Unlike the Nazi holocaust, there have been very few films that show the truth about American slavery. Until 12 Years A Slave, most Americans have never seen the brutality of slavery in such a raw and honest light. Mothers were violently torn from their children. Black men, women and children were murdered without cause. Rape and sexual violence were the norm. Individuals had no rights, no names, no dignity. The white people of America have never been forced to see themselves in the faces and eyes of the people who perpetrated this brutal system. It is not easy to identify with the slave owners, to look upon people who look like you and see their inhumanity. But it is impossible to recognize the ways you and your community perpetuate these injustices in the present if you can't identify with the root of those injustices. Unless you identify your relationship with the slave owner, you can't identify your relationship with white supremacy today.
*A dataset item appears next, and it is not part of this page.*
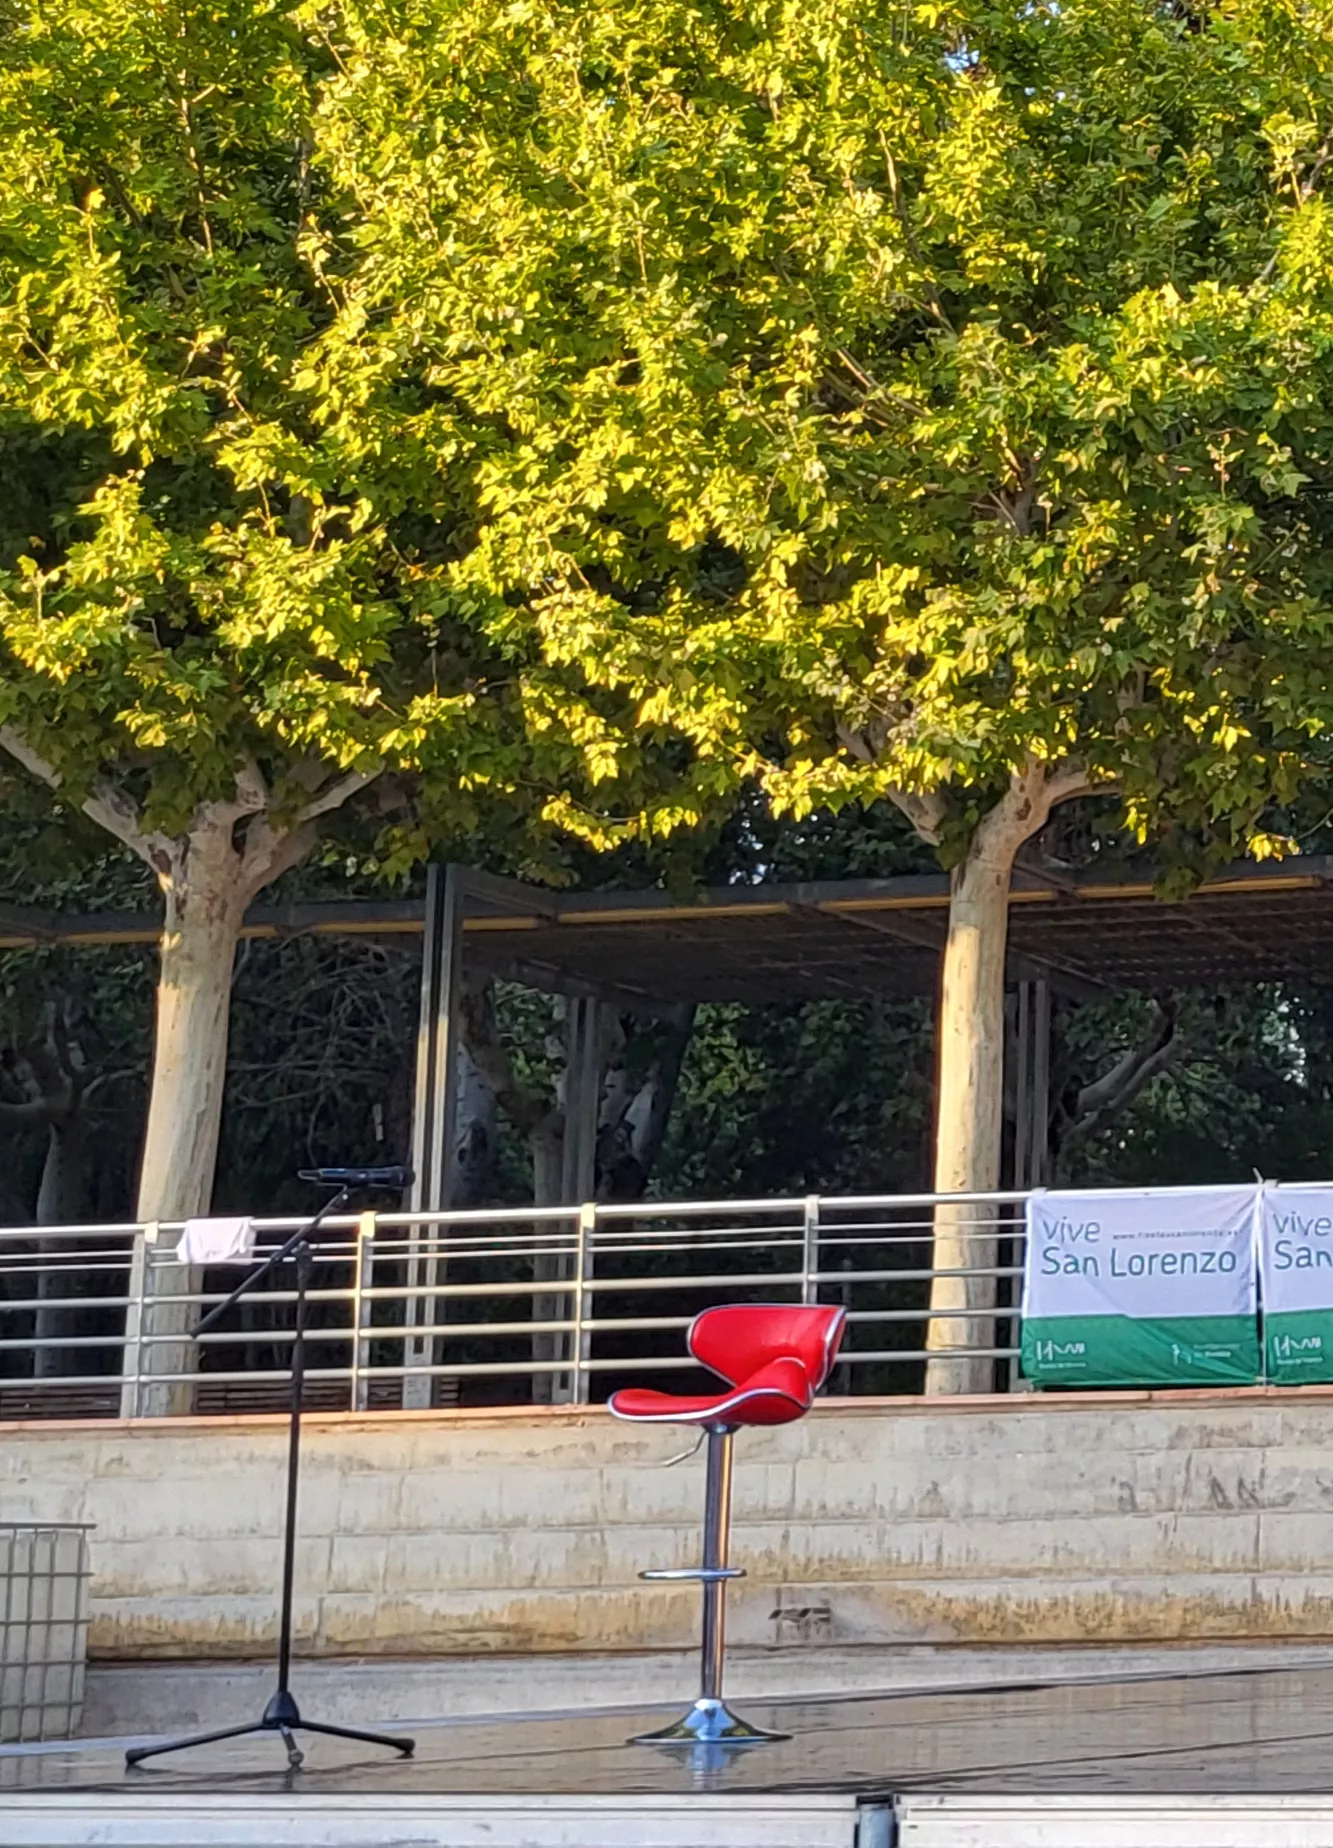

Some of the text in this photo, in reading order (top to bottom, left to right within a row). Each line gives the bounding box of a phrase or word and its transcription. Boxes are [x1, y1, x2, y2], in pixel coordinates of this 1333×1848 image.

White Americans like to think this story has a happy ending, but the story is always more complicated. In the film, there is an incredible sense of relief when Solomon is granted his freedom. But even the exhilaration we feel at Solomon's return to freedom is belied by the shocking realization that millions more never felt that redemption. Their children and generations that came after had to deal with Jim Crow, and then the school to prison pipeline. The roots of racial inequality planted by the institutions of slavery have never been ripped out.

In the theater I sat next to an elderly black woman. During one scene of a particularly nasty beating, she grabbed me with her wrinkled hand and said, in tears, "I feel so blessed I wasn't born at that time." It was like I could feel the weight of the past baring down on the present. Later on, during a scene in which a deceased slave is buried, the fieldhands gathered around the grave to sing the old gospel hymn and freedom song "Roll Jordan Roll." As they sang, the woman cleared her throat and started to sing along. Her voice, and the presence of Harry Belafonte in the audience, spoke volumes about the continuity of the black liberation struggle.

After the film, Steve McQueen and Mr. Belafonte took questions from the audience. A black woman rose up to ask a question about the white character who delivers a letter that ends up leading to Solomon's freedom. "Why do we always have to depend on white people to set us free?" she asked.

Mr. McQueen responded by saying that he took no liberties with history, and the man really did deliver the letter. But his response to her larger question -- who was the hero, how will her people gain their liberation -- was clear. "The white character who delivers the letter that sets Solomon free is not the hero. He just did what any decent person would do. Solomon was the hero for surviving." The role of hero in the black liberation struggle will always be played by black people who survive and thrive in a system that's designed to dehumanize them. White people can aid in the destruction of white supremacy by doing what any decent person would do -- baring witness to the truth of those who are oppressed and fulfilling the requests they say will lead to their freedom.

After the film, I thought of the white men who still profit from putting black bodies in chains. Do they see themselves as the new slave masters? Will they now? I would like to know if James Slattery -- of the now infamous Youth Services International private prison company -- understands that future generations will depict him as the new Master Platt. Would it make a difference to him if he knew? The film gave me a renewed appreciation for people, like the Dream Defenders, doing the painstaking work of uprooting the legacy of slavery in the South by confronting the new slavers.

This film is so important because it shows how white supremacy still affects all of us. As a nation, we can't reach the full potential of our humanity unless and until we admit the inhumanity of our creation. This nation was conceived in sin and had never been redeemed. Black people -- and white people alike -- can only express the fullness of their humanity if we destroy the system of white supremacy that we still live under.